Di dalam praktik kebudayaan dan sejarah di muka bumi, manusia melakukan kebodohan dan ketidakpekaan atas sindiran itu. Tak ada yang menawari mereka untuk memanggul amanat pun mereka malah mencalon-calonkan diri agar disuruh memanggul amanat. Mengajukan dirinya kepada masyarakatnya, menyodor-nyodorkan wajahnya, dengan terlebih dulu dihiasi, ditopengi, dibagus-baguskan, diwangi-wangikan, agar masyarakat mempercayainya dan memilihnya untuk dilantik menjadi pemanggul amanat.
“Sementara manusia terperangkap oleh batas kesempitan pengetahuannya sendiri tentang dirinya maupun tentang alam semesta dan kehidupan. Manusia mengira bahwa hanya ia yang bisa berkomunikasi, berdialog, dan memadamkan api”. (Emha Ainun Nadjib, Daur I-230, caknun.com)
Direndahkannya dongeng merupakan salah satu cara untuk memisahkan bangsa kita dari sejarahnya. Menghapus masa silamnya. Mengubur peradaban yang pernah dicapai oleh para leluhur. Sehingga bangsa kita menjadi kosong pengetahuan tentang diri mereka sendiri. Berikutnya bangsa kita menjadi tidak percaya diri. Dengan kata lain, bangsa kita menjadi tidak percaya bahwa ada sesuatu yang bisa dibanggakan di dalam sejarah nenek-moyangnya. (Emha Ainun Nadjib, Tetes-Akibat Merendahkan Dongeng, Caknun.com 3 Des 2017)

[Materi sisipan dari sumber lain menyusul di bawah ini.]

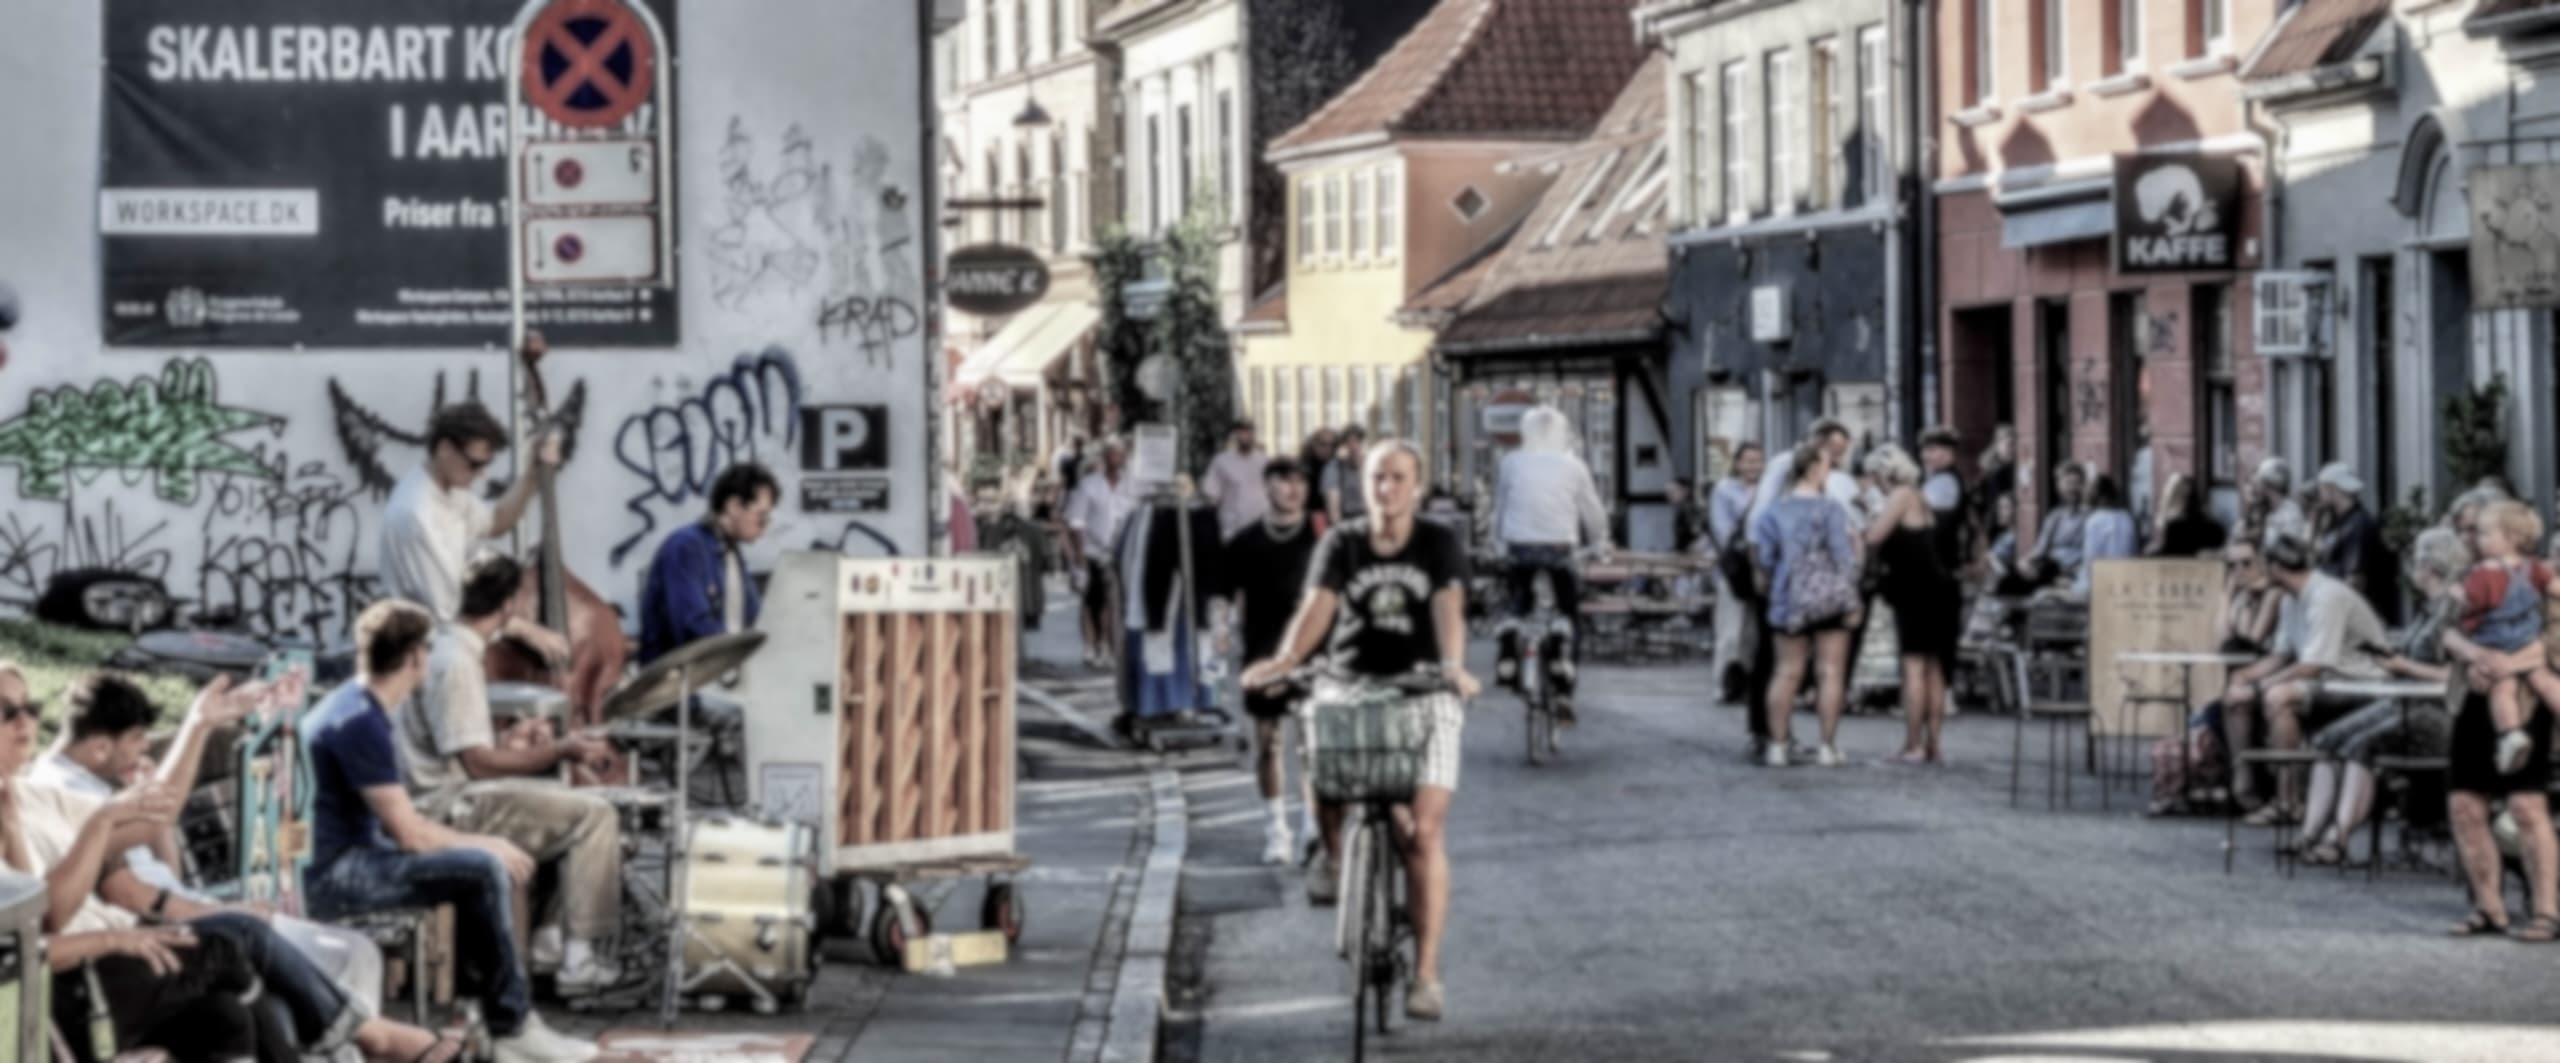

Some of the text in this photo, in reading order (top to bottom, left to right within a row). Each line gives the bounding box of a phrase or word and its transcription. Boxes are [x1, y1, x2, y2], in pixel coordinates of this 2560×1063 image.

[147, 26, 453, 80] SKALERBART
[390, 104, 405, 158] I
[117, 200, 301, 225] WORKSPACE.DK
[384, 196, 455, 228] Priser
[460, 196, 495, 228] fra
[2128, 236, 2226, 264] KAFFE
[822, 408, 869, 469] P
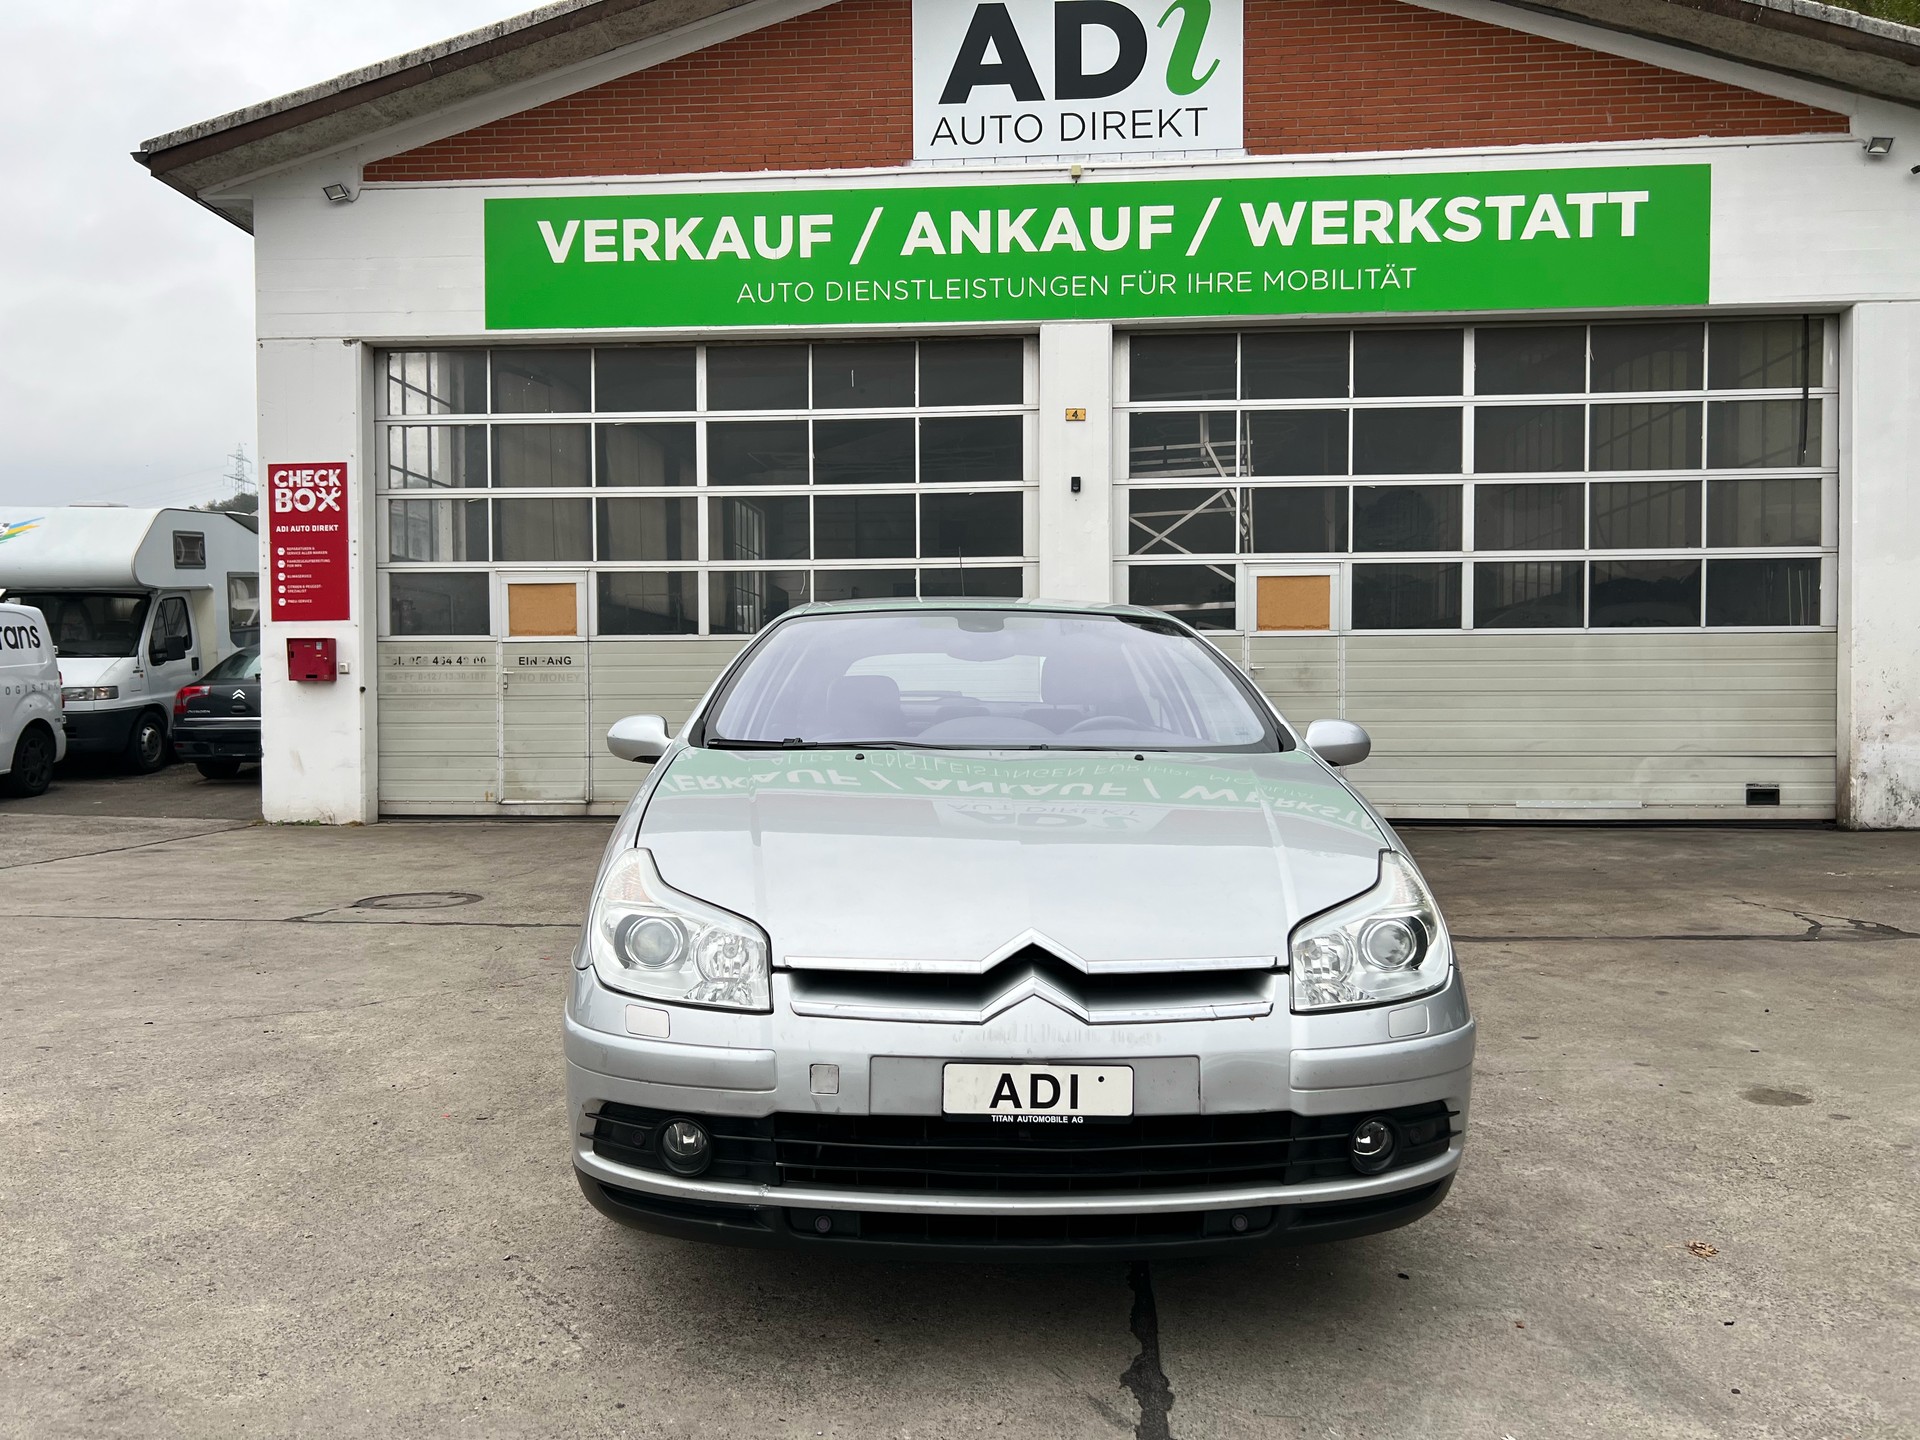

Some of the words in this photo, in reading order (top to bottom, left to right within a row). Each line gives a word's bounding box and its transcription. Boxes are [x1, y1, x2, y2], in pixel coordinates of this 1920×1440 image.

[930, 113, 1043, 146] AUTO
[1060, 107, 1208, 142] DIREKT
[537, 213, 834, 264] VERKAUF
[849, 207, 884, 265] /
[900, 205, 1175, 256] ANKAUF
[1185, 197, 1222, 256] /
[1240, 190, 1649, 247] WERKSTATT
[737, 281, 815, 304] AUTO
[826, 271, 1109, 302] DIENSTLEISTUNGEN
[1120, 268, 1177, 296] FÜR
[1187, 271, 1253, 294] IHRE
[1263, 263, 1417, 292] MOBILITÄT
[1072, 410, 1078, 419] 4
[273, 469, 342, 488] CHECK
[276, 525, 289, 533] ADI
[312, 524, 339, 532] DIREKT
[518, 656, 572, 666] EINANG
[989, 1073, 1079, 1110] ADI
[991, 1114, 1014, 1123] TITAN
[1017, 1115, 1069, 1123] AUTOMOBILE
[1071, 1115, 1084, 1124] AG

Terjadinya beragam peristiwa dalam kehidupan manusia tidak terlepas dari adanya rangkaian sebab akibat serta penyebab didalamnya. Penyebab dari adanya peristiwa itu, ada yang berasal dari prilaku manusia itu sendiri, sehingga mampu kita pelajari dan pahami, ada juga yang dirahasiakan Tuhan, sehingga kita hanya bisa total berserah diri. Keduanya hadir berdampingan dalam kehidupan.
Rangkaian sebab akibat tersebut, di tatar sunda biasa disebut dengan istilah ‘cukang lantaran’. Serpihan serpihan makna hidup dari berbagai pengalaman masing masing, mari kita persambungkan nilainya.[]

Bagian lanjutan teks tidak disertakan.